Veen’s debut novel follows Roos Beckman in the 1950s. Roos has a spirit companion, Ruth, has been dead for centuries, but the corpse-like girl has been Roos’s only comfort after years spent performing backroom séances with her abusive mother. Then Agnes Knoop, a wealthy young widow, attends a séance and asks Roos to come live with her in the house she inherited from Mr. Knoop. At Agnes’s sprawling, crumbling manor indicative of a bygone age, Roos attempts to make herself at home while negotiating the growing attraction between herself and Agnes, and the disturbing machinations of Mr. Knoop’s consumptive sister, not long for this world but still able to cause chaos. In the ensuing months, somehow someone ends up dead, and Roos is caught in the middle of a story she doesn’t realize the truth of until it is too late.

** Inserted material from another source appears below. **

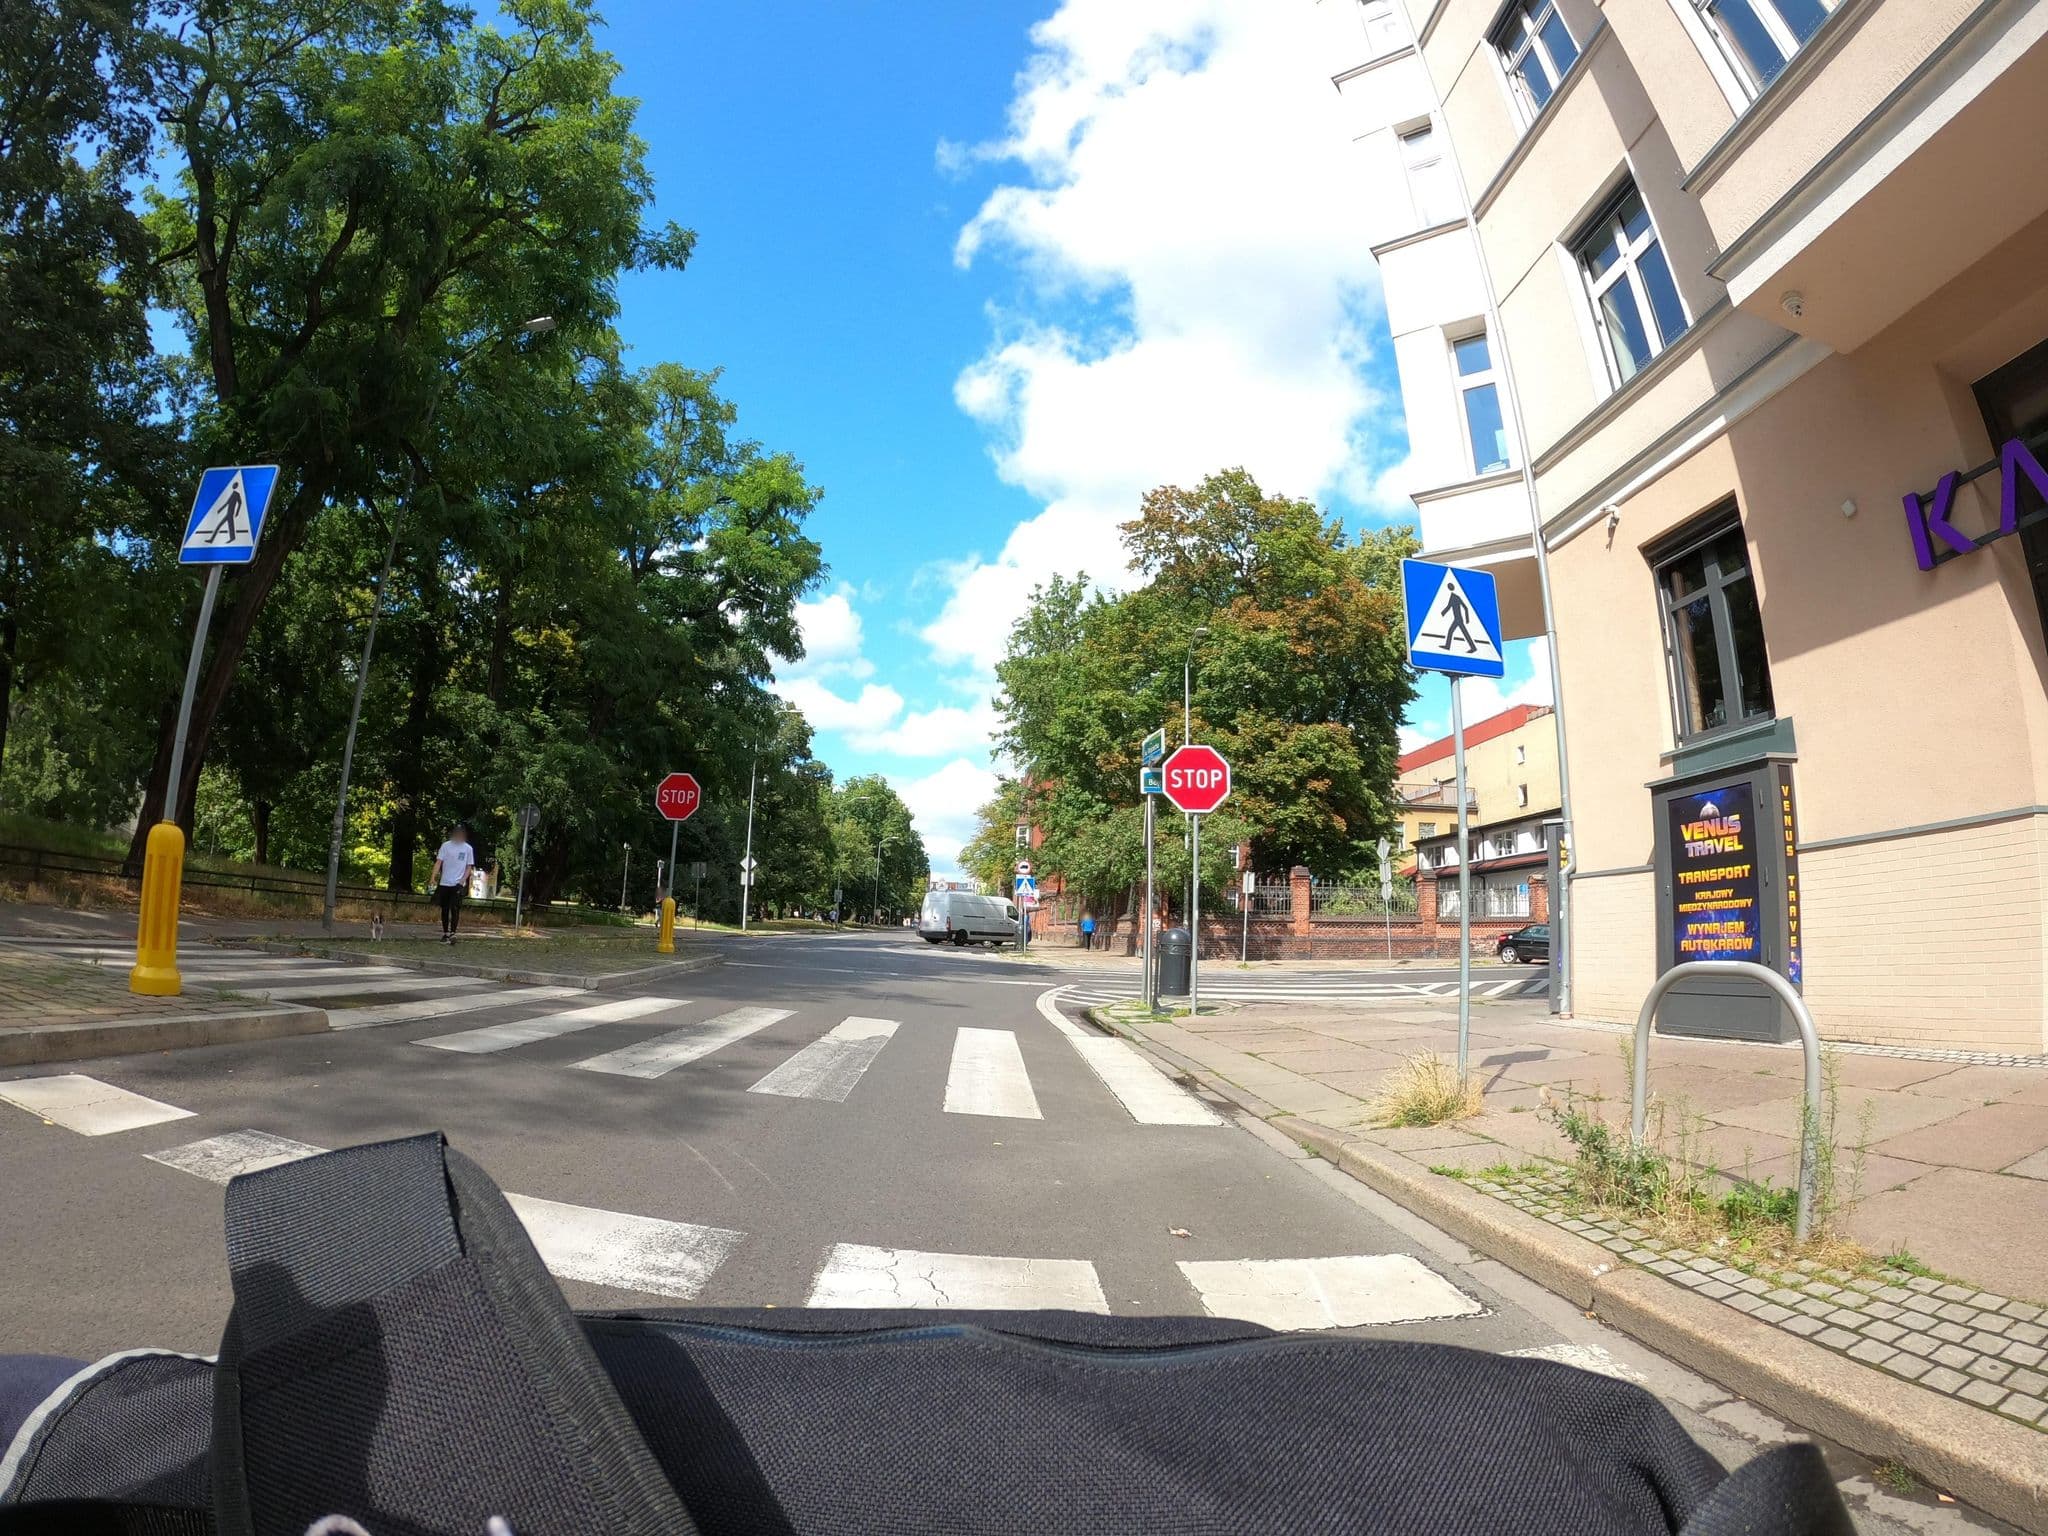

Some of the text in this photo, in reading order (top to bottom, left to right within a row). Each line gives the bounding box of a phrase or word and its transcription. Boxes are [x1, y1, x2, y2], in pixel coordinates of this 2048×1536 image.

Told in narrative chapters and interview transcripts from the psychologist assigned to determine whether Roos is insane or not, the novel pieces together the recent events of Roos’s life and solves the mystery of the death at the manor—all with a supernatural twist.

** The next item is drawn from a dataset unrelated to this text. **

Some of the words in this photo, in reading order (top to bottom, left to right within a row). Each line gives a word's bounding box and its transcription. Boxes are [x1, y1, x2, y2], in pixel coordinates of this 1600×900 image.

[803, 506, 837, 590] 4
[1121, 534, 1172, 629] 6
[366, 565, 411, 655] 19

I really enjoyed this book! It had the perfect balance between horror, suspense, and plot that kept me engaged and excited to read what happened next. I finished this in a single day because I just couldn’t put it down. I had guesses about how the mystery at the center of the book would work out, but everything was effectively paced and slowly revealed. Having the interview excerpts interrupting the main plot throughout the novel created intrigue and tension and was also useful in really cementing the 1950s setting. Roos was a compelling character who became the perfect Gothic narrator: sympathetic with just the right amount of unreliable. I loved the atmosphere of this novel: gory, romantic, terrifying—it had everything I wanted.
I did think there were parts of the end of the novel that were rushed or that could have been lingered over more. For all of the buildup in the first three quarters of the book, I had hoped for a longer conclusion that clarified the characters’ motives more thoroughly. For example, the character of the psychologist seemed a bit mixed up in terms of his motivations from the beginning to the end of the novel. But all things considered, My Darling Dreadful Thing was more than worth the read.
I highly recommend My Darling Dreadful Thing as the perfect queer horror read for Halloween!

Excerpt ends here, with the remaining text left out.